As far as traditional oil-based offset printing inks for paper and cardboard are concerned, the state of the art at Sun Chemical is represented by the of low migration and low odor SunPak series (these are inks based on raw materials such as especially modified resins, polyesters with a high molecular weight or derived from vegetable oils).
Also underlined the important role UV and EB polymerisation curing inks have in the production of food packaging, with details explaining the difference between perception and reality of these products.
In particular it was emphasized that the materials printed with UV and EB inks have a low organoleptic impact and reduced migration potential, especially in the case of low migration products manufactured by Sun Chemical, starting from carefully selected raw materials from controlled suppliers.
Heinz Traussnig, Mayr-Meinhof, explained how cardboard for food packaging use is manufactured.
Maximum attention to the control of raw materials, the process and finished product, which also extends the analysis of microbiological charge.
The speaker focused on the problems of cross contamination and migration of contaminants from transportation to primary and secondary packaging as well as on the barrier characteristics offered by the Mayr-Melnhof lacquered foodboard named Karton against mineral oils and other substances.
Davide Biancorosso, L’Accademia del Poligrafico, presented a summary of the criteria to consider when designing food packaging, bearing witness to the complexity of the matter and the multiple knowhow that needs to be fielded.
Antonino Maggio, National Institute for Health, reviewed the existing legislation by invoking the need – even in the case of materials such as inks not subject to specific regulations – that products are manufactured respecting the general rulings, more specifically EC Regulation 1935/2004 and EC Regulation 2023/2006.
Valter Rocchelli, Ircpack, explained that validating an ink and/or a print job entails demonstrating that the finished object is in accordance with standards in force governing food contact materials.
To demonstrate that the packaging will not yield anything dangerous from an organoleptic and toxicological standpoint one however must go beyond the analytical tests laid down by law for each single material. This means that risk assessment through sensory and instrumental analysis must be carried out. He then presented an applicative example of "low migration" offset ink which revealed no criticalities.
Rocchelli drew attention to the fact that the GC/MS methods are highly sensitive but do not detect compounds with high molecular weight analysable with other techniques (HPLC/DA, HPLC/MS, HPLC/MS/MS).
You have to know what you are looking for and what has been put in the ink (or in the adhesive). Along these lines a greater collaboration with raw materials producers is essential (if need be including confidentiality agreements).

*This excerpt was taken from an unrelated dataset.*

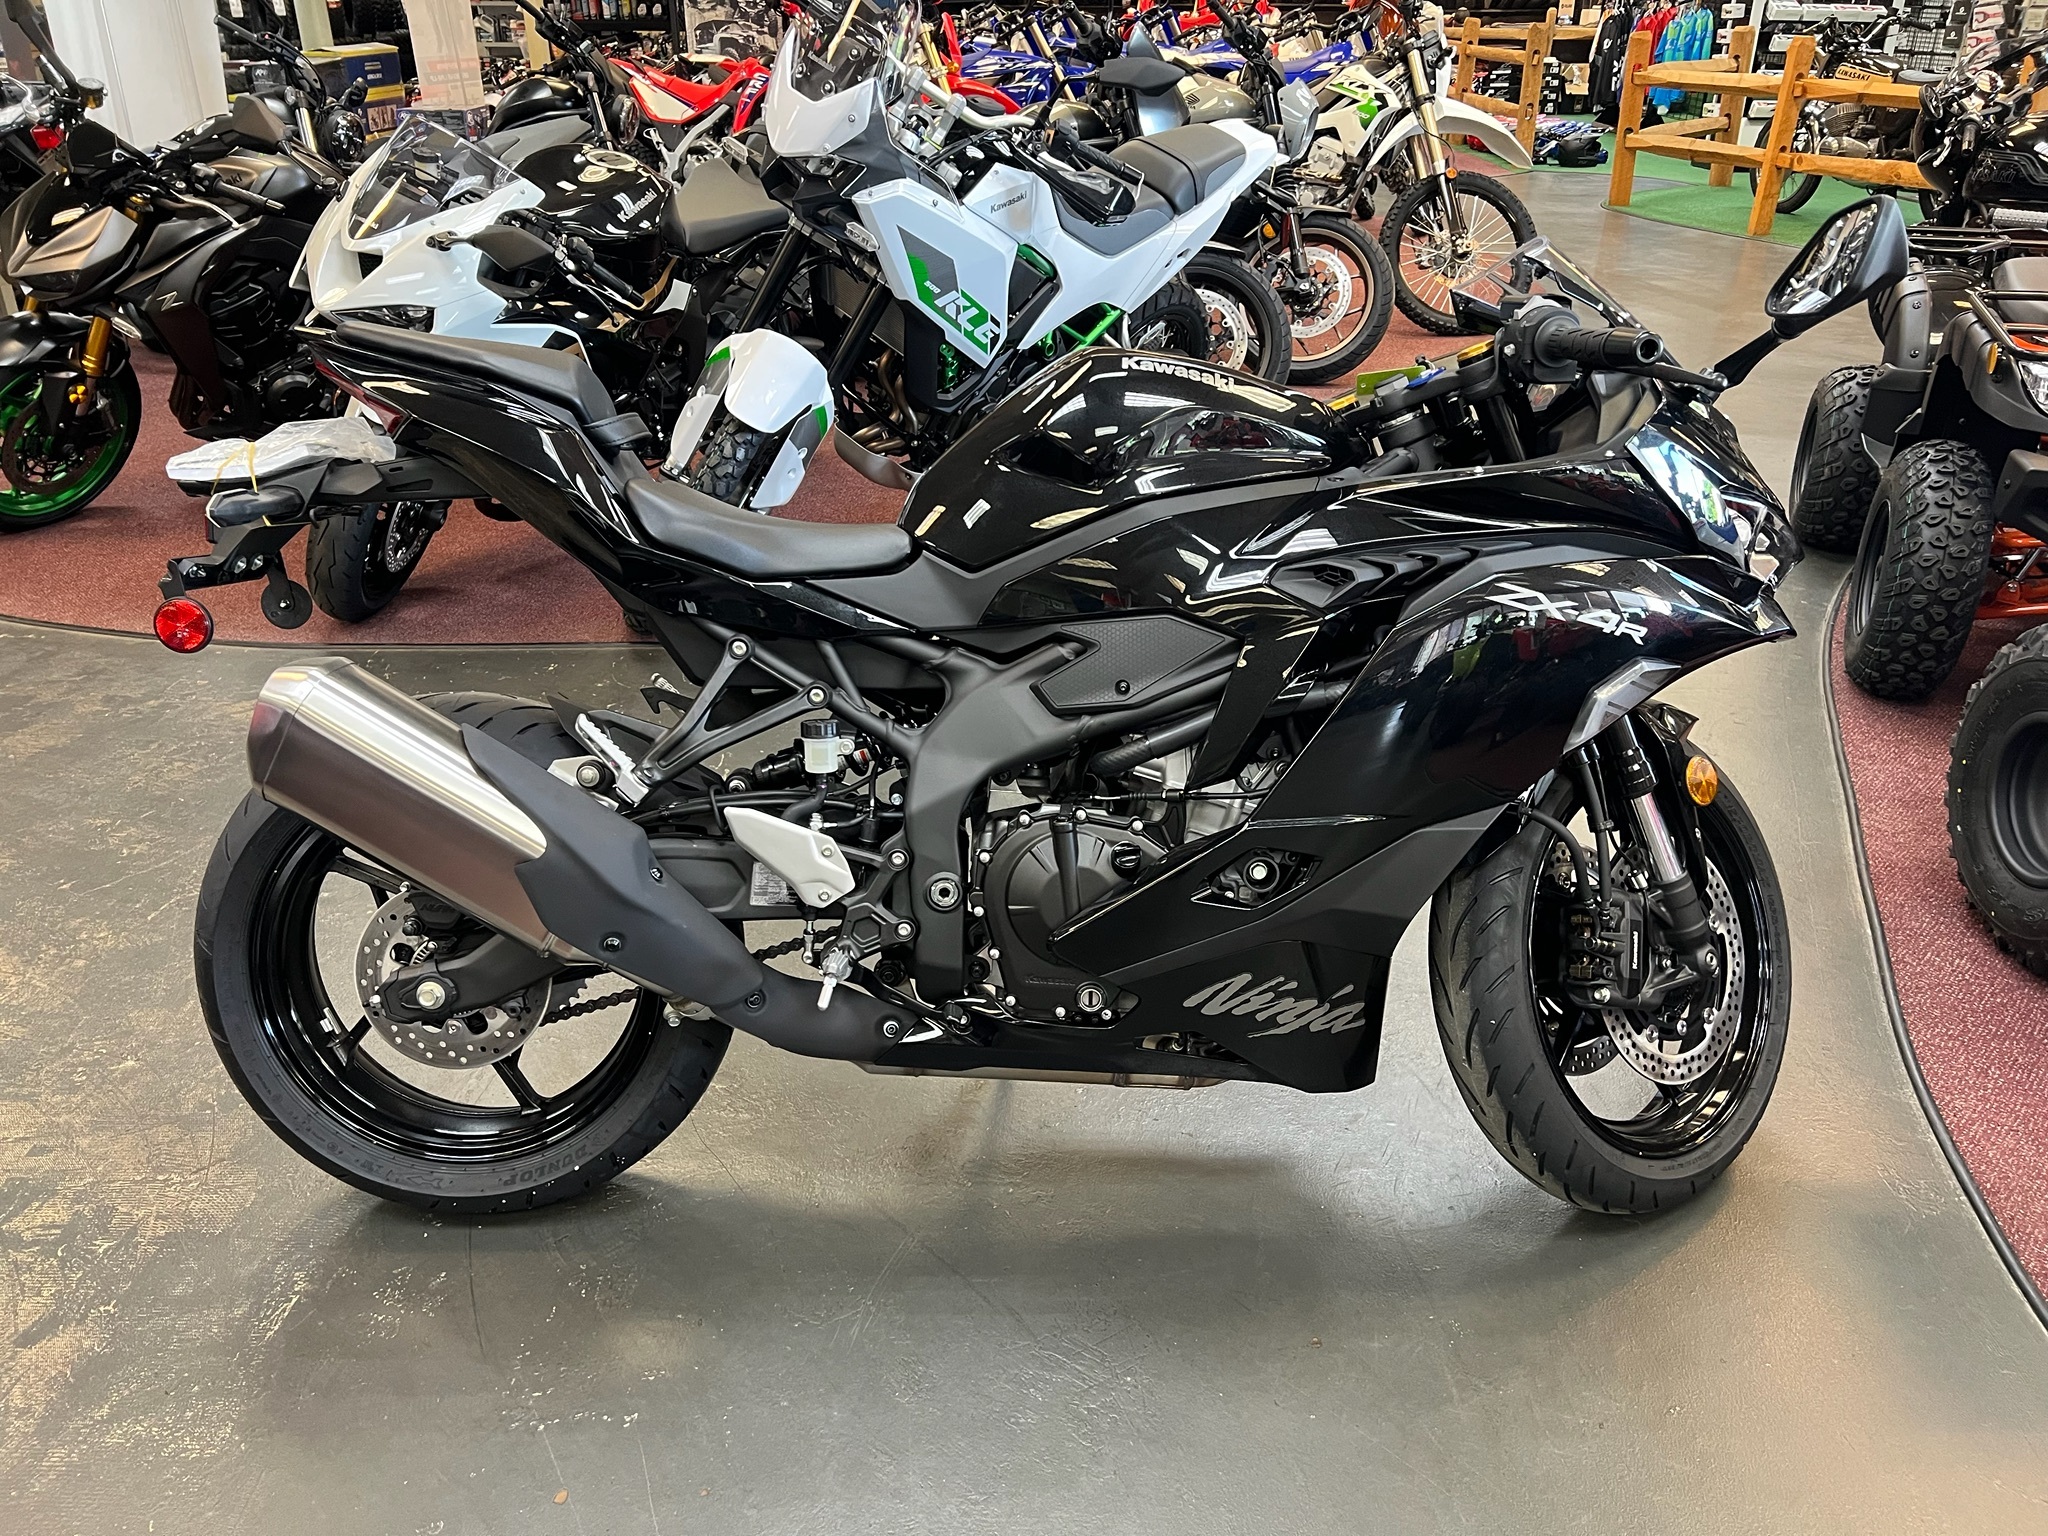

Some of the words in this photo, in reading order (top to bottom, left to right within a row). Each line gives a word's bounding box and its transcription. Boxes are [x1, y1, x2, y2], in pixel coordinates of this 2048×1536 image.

Maurizio Bonuomo, for the occasion representing Aidepi, brought to bear the point of view of the food industry. The fundamental aim must be to increase the knowledge on materials and their interaction with food, being aware of the fact that all the components of the food chain must consider safety as their first priority.
Food safety cannot only be obtained by legal rulings or by controls, but by implementing tools such as risk assessment. Here the industry plays a highly important role in improving communication, transparency and cooperation.
"Designing safe packaging: Best Practice Guide" is an interesting and well-devised publication brought out by Sun Chemical. This is a guide for printing food packaging with conventional offset and UV and EB curing inks and varnishes. We recommend it as essential reading.